*** Exercise material ***

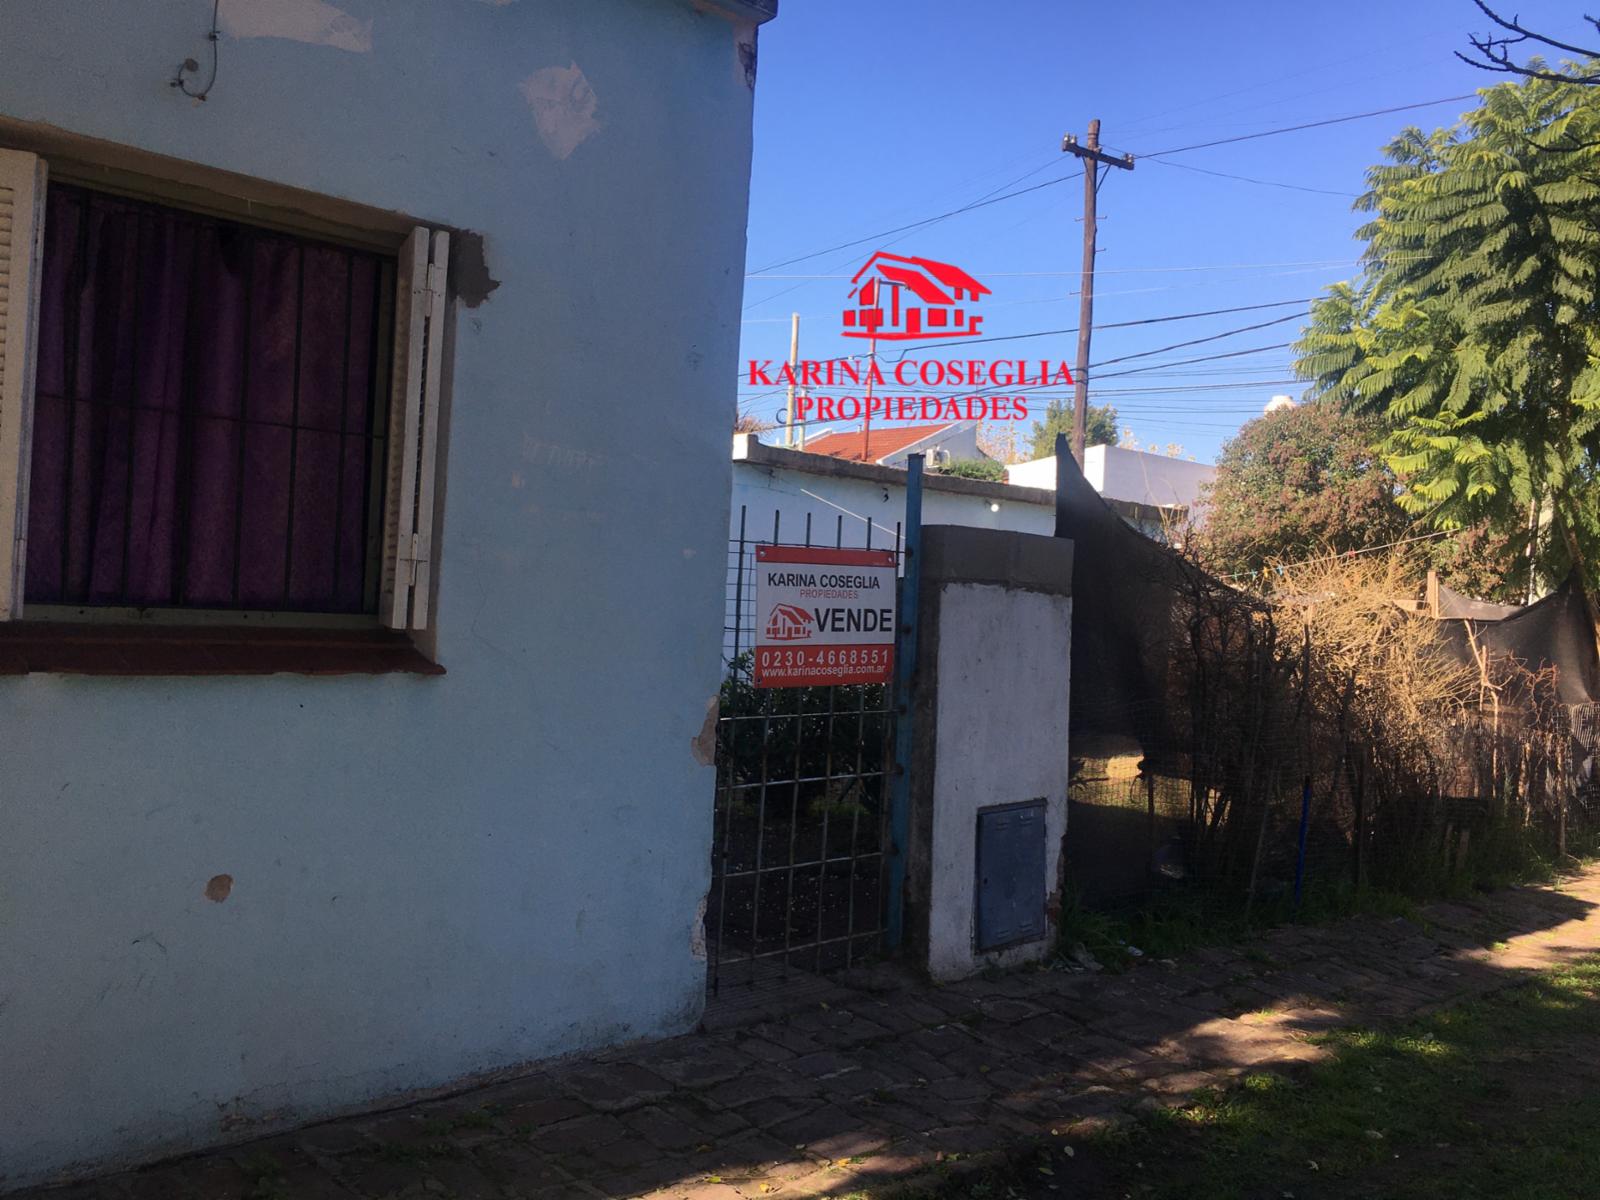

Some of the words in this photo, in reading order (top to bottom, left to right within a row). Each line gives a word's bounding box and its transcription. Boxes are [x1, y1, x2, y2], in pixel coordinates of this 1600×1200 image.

[768, 573, 817, 587] KARINA
[820, 574, 880, 589] COSEGLIA
[800, 589, 859, 599] PROPIEDADES
[814, 608, 892, 632] VENDE
[761, 663, 885, 678] www.karinacoseglia.com.ar
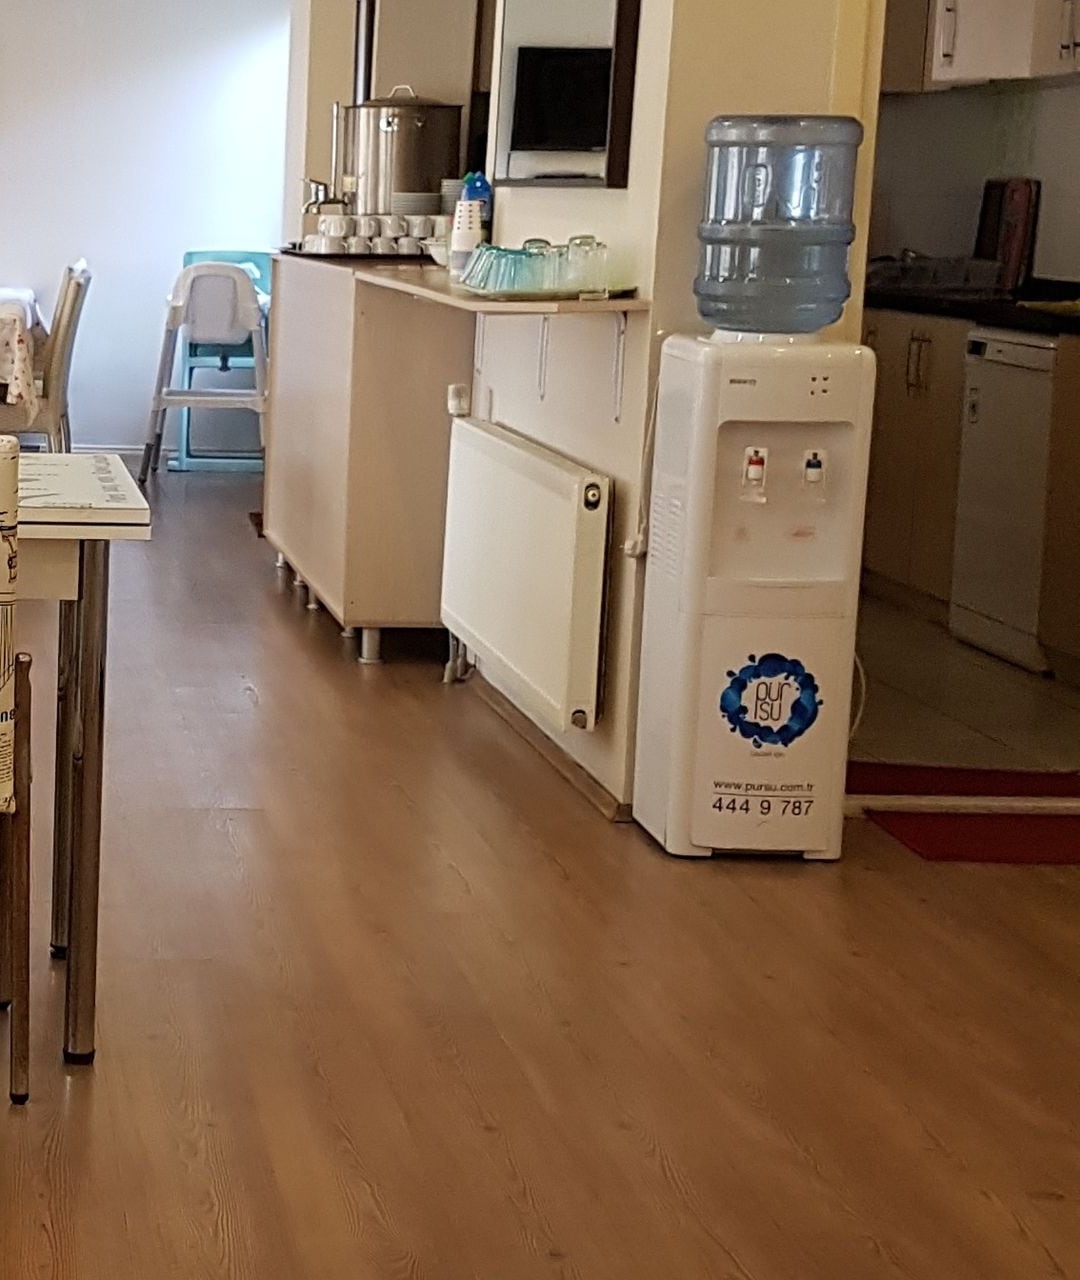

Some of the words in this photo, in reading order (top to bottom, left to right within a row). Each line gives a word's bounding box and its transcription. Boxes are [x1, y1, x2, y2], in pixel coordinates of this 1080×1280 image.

[713, 797, 751, 813] 444
[760, 800, 771, 816] 9
[781, 800, 814, 816] 787

*** End of Exercise material ***

The material above should be printed again exactly, with each picture left out.

**Answer below**
Some of the words in this photo, in reading order (top to bottom, left to right within a row). Each line gives a word's bounding box and its transcription. Boxes are [x1, y1, x2, y2], in pixel coordinates of this 1600×1200 image.

[768, 573, 817, 587] KARINA
[820, 574, 880, 589] COSEGLIA
[800, 589, 859, 599] PROPIEDADES
[814, 608, 892, 632] VENDE
[761, 663, 885, 678] www.karinacoseglia.com.ar

Some of the words in this photo, in reading order (top to bottom, left to right within a row). Each line gives a word's bounding box and its transcription. Boxes are [x1, y1, x2, y2], in pixel coordinates of this 1080×1280 image.

[713, 797, 751, 813] 444
[760, 800, 771, 816] 9
[781, 800, 814, 816] 787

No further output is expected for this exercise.